An effective marriage will capture top-down and bottom-up forecasts separately. A management by exception S&OP tool will make comparisons quickly to enable users to analyze critical differences and refine the ultimate consensus driven forecast.
Sphere: Related ContentManaging Future Demand in a Rapidly Changing Environment
Early in 2007, during the high tech industry downturn a major supplier of networking and bandwidth management solutions for telecom service providers, launched a global forecasting initiative to more accurately predict future demand for its equipment. The goal was to better align the operations plan with a more accurate picture of customer demand to improve service levels and reduce potential inventory write-offs.
Historically, company planners had cobbled together forecast data from multiple systems — a problem compounded by mergers and acquisitions— using unwieldy spreadsheets, manual processes spanning multiple departments, and only a minimal amount of analysis. The resulting forecasts were often inaccurate. In the post-boom economy, flexible and accurate planning would not only be critical to stabilizing current operations, but would play a center-stage role in strategic decision-making across the entire organization.

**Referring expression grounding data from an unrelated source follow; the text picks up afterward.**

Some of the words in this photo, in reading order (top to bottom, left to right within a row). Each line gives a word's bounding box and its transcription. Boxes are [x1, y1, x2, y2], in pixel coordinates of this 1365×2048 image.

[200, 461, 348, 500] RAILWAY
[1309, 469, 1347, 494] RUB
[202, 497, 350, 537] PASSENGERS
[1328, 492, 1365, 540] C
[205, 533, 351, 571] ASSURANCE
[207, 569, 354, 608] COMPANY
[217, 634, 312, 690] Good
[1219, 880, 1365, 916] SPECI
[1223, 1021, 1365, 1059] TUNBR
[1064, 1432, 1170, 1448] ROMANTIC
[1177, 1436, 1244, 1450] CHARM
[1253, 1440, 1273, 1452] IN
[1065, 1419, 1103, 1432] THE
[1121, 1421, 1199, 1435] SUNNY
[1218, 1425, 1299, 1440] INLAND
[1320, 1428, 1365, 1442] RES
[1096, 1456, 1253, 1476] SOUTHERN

However, solving this problem was no easy task. Like many technology companies, the company begin outsourcing in late 2003. With this business model, forecasting and planning product sales became an even greater challenge– 11 major product lines, 50 product families and more than 10,000 SKUs to forecast for hundreds of customers across the globe. In addition, their products were highly configurable and customized, ever-changing with constant updates. And, many of these configurations had a very short lifecycle—additional creating forecasting complexity.

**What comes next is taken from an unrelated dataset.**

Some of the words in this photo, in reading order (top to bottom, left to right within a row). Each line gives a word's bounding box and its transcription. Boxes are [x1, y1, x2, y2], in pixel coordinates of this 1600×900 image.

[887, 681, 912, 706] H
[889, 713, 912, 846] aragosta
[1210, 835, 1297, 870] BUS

Further, the company had independent planning processes through various departments: Sales created revenue forecasts; finance created revenue targets; and operations did product forecasts–all different processes usually with different measurements that did not tie together. They were manual processes with no timelines, all managed through a combination of SAP r/3 and Excel spreadsheets. It was difficult to maintain any consistency and data integrity. With minimal feedback between the groups, there always were differences in the numbers.

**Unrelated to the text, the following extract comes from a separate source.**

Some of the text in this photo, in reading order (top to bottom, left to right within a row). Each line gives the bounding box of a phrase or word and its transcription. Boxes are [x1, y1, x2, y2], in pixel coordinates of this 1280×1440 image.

The Global Demand and Order Management team had to manage day-to-day consensus planning for hundreds of products, while supporting senior management efforts to reorient the company’s entire business strategy.
- What would the demand ramp look like in each region and segment?
- What impact would new market entries have on product mix and profitability?
- What effect would canceling or delaying a new product have on revenue streams and customer satisfaction?
Company executives needed answers. In essence, they needed a way to seamlessly integrate and executive on their demand forecasts, enabling every group from marketing and sales to operations and the CFO’s office to drive their actions based on a common understanding of the demand.
The company quickly identified requirements for a completely new business system, one that pushes the proverbial envelope of traditional forecasting and planning system, by including:
- Effective process and change management to support flexible, strategic planning and drive shorter cycle times
- Support for complex product lines, including variable product mixes, hierarchies and life cycles
- Support for diverse business processes to accommodate new product development and acquisition, multiple currencies, and unique rules for material, revenue and sales forecasts
- Cross-functional visibility and participation across sales, marketing, finance and operations, with the ability to offset gaming, normalize disparate reports and support international users
The company evaluation team reviewed their current ERP capabilities as well as supply chain management (SCM) solutions. They found that current resources could not effectively support planning of highly configured products and were biased toward production forecasting, when they needed flexible cross-functional forecasting and planning.
Moreover, the company needed a solution that addressed consensus planning for complex manufacturing that would support both operational efficiency and plan performance management. So after evaluating the demand planning modules by SAP and SCM vendors, the company chose Steelwedge Software (www.steelwedge.com).
Steelwedge offered the company a unique approach which leverages the Steelwedge Sales and Operations Planning (S&OP) platform, a combination of best practices gained in over a decade of forecasting and planning research and implementation with dozens of complex manufacturers, plus a next generation technology engineered by enterprise software and business planning veterans.
The company’s Global Demand and Order Management organization first created a standard forecasting and planning process with fixed time schedules and managed all the activities to keep all groups on schedule. There was a dramatic increase in collaboration between the sales, finance and operations departments on information and key assumptions.
Then, the departments began to engage each other in a more systematic fashion. As a result, the need for intensive reconciliation went away and allowed them to move to a monthly process. Every month after the forecast is done—first the sales input is made, then the revenue targets are set, and then the product forecast is done— the teams get together to review any discrepancies and ensure that the departmental plans all in sync and they are all on the same page. Hence, the solution has also allowed them to manage forecast by exception as opposed to each line item.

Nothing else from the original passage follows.